“Political Theory generally aims to explain things coming out of political life.”
“Values and facts are embedded in Political Theory. They are dependent on each other.”
“Theory is like a net with the help of which one can catch the world to understand it.”
Political theory deals with the conditions of collective life. It provides a system of rule to guide social relationship on one hand and studies the evolution, nature, necessity and purpose of government, on the other hand. It tries to relate them with human perception and nature.
As such it tries to evolve a framework for analyzing man’s political concerns and evolving mechanism to solve these problems.
It must be noted that most of the theories came out in the midst of crisis. Wherein they attempted to solve the problems however, in their quest to address immediate problems, they engage with perennial issues as well. They are not limited context bound. Instead their focus is often wide enough to cover the world at large.
Thus, political theory is a generalized statement about political life. It outlines a conceptual framework by which knowledge is synthesized.

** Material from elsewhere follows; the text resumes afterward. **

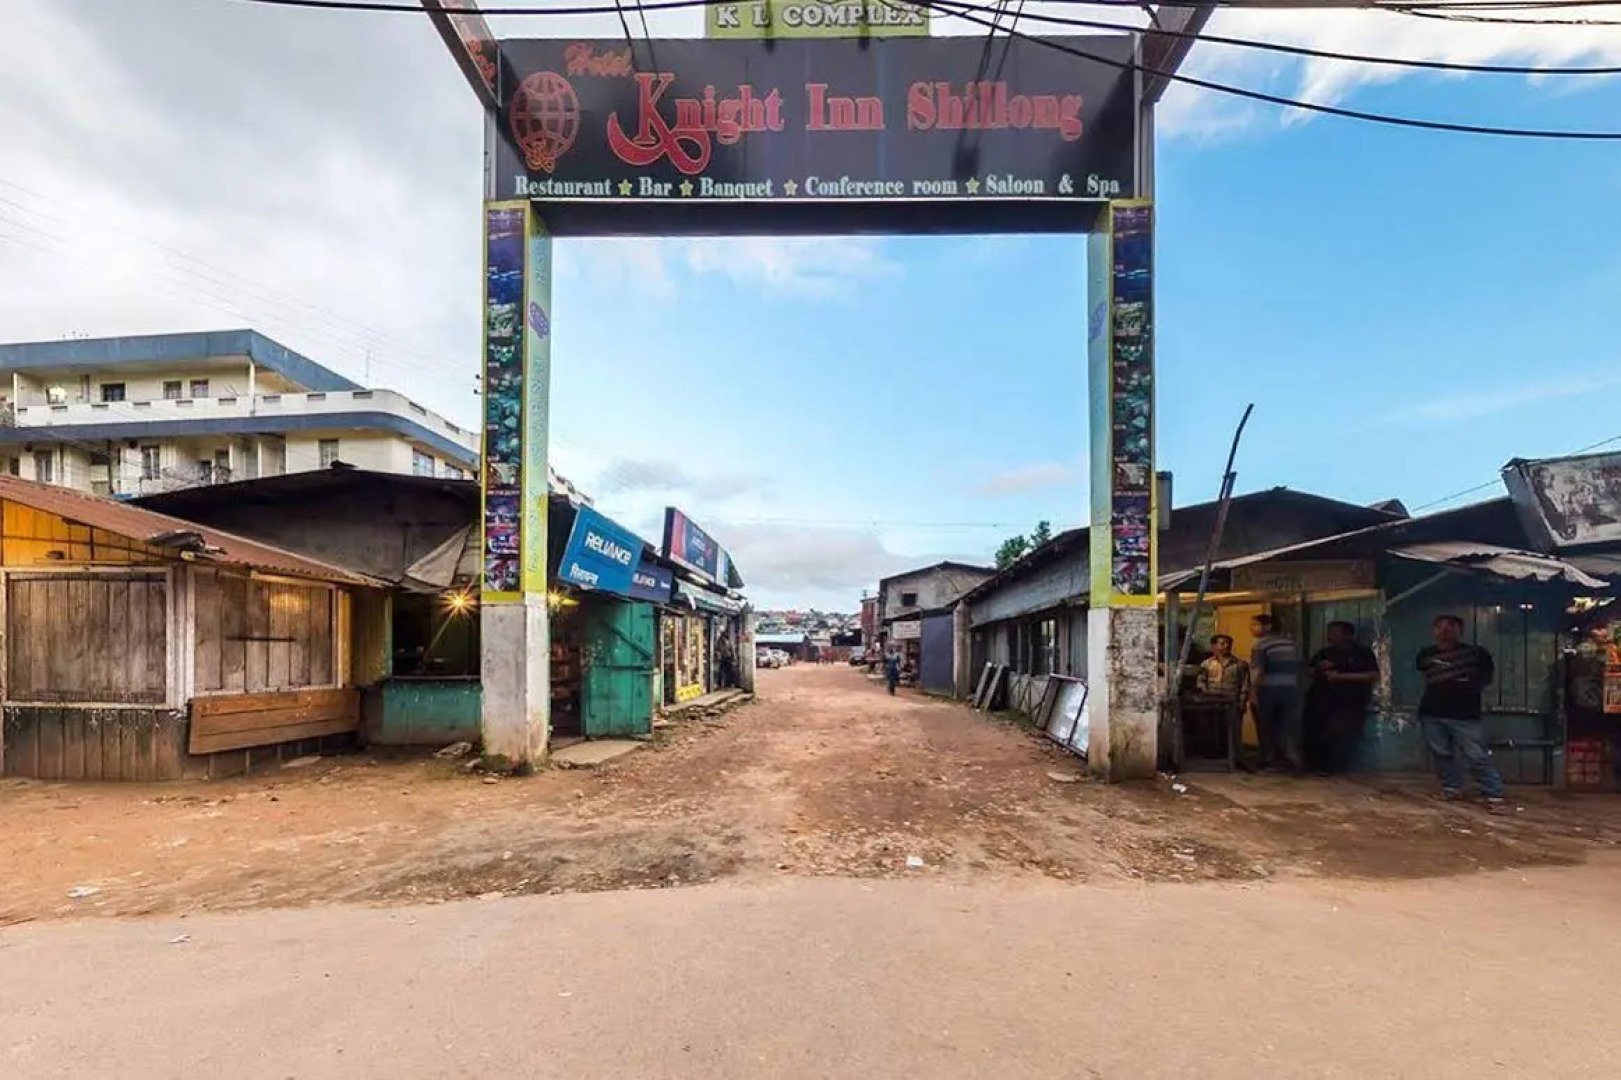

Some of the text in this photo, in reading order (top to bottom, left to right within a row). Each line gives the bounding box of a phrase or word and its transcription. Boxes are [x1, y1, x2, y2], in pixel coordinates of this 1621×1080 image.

[716, 4, 925, 27] K L COMPLEX
[607, 73, 1083, 174] Knight Inn Shillong
[515, 174, 1119, 198] Restaurant Bar Banquet Conference room Saloon & Spa
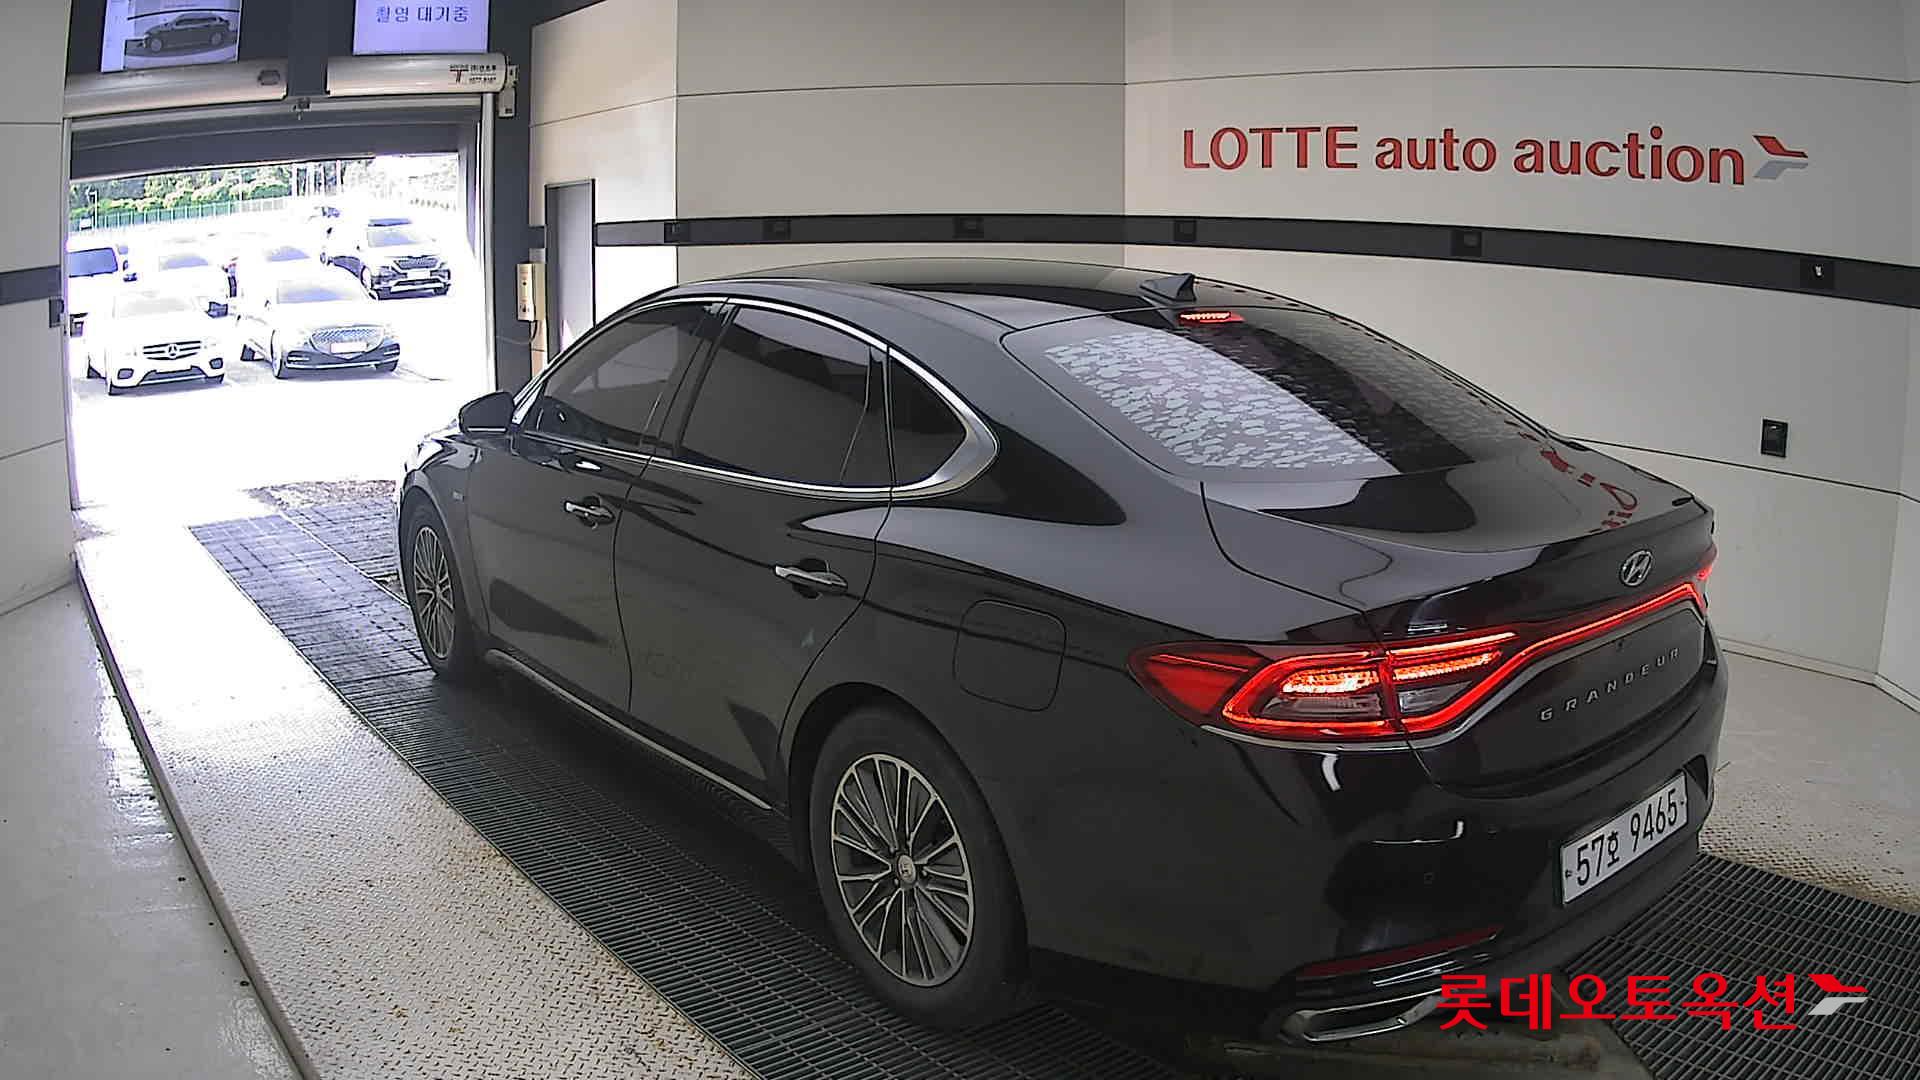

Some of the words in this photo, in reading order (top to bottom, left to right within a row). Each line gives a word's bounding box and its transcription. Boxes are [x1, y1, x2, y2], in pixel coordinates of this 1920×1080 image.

Different theories have different sort of connection with the concepts.
As such, there arises difference in the kind of problem they think to be of more serious nature and consequently differences arise also in prescribing the remedies.
Hence, they enjoin both empirical and ethical statements. This has been best illustrated by A. Hacker; it is “dispassionate and disinterested.
As Science it describes political reality without trying to pass judgment on what is being depicted either implicitly or explicitly.
As Philosophy, it prescribes rules of conduct which will secure the good life for all of society and not simply for “certain individuals or classes”.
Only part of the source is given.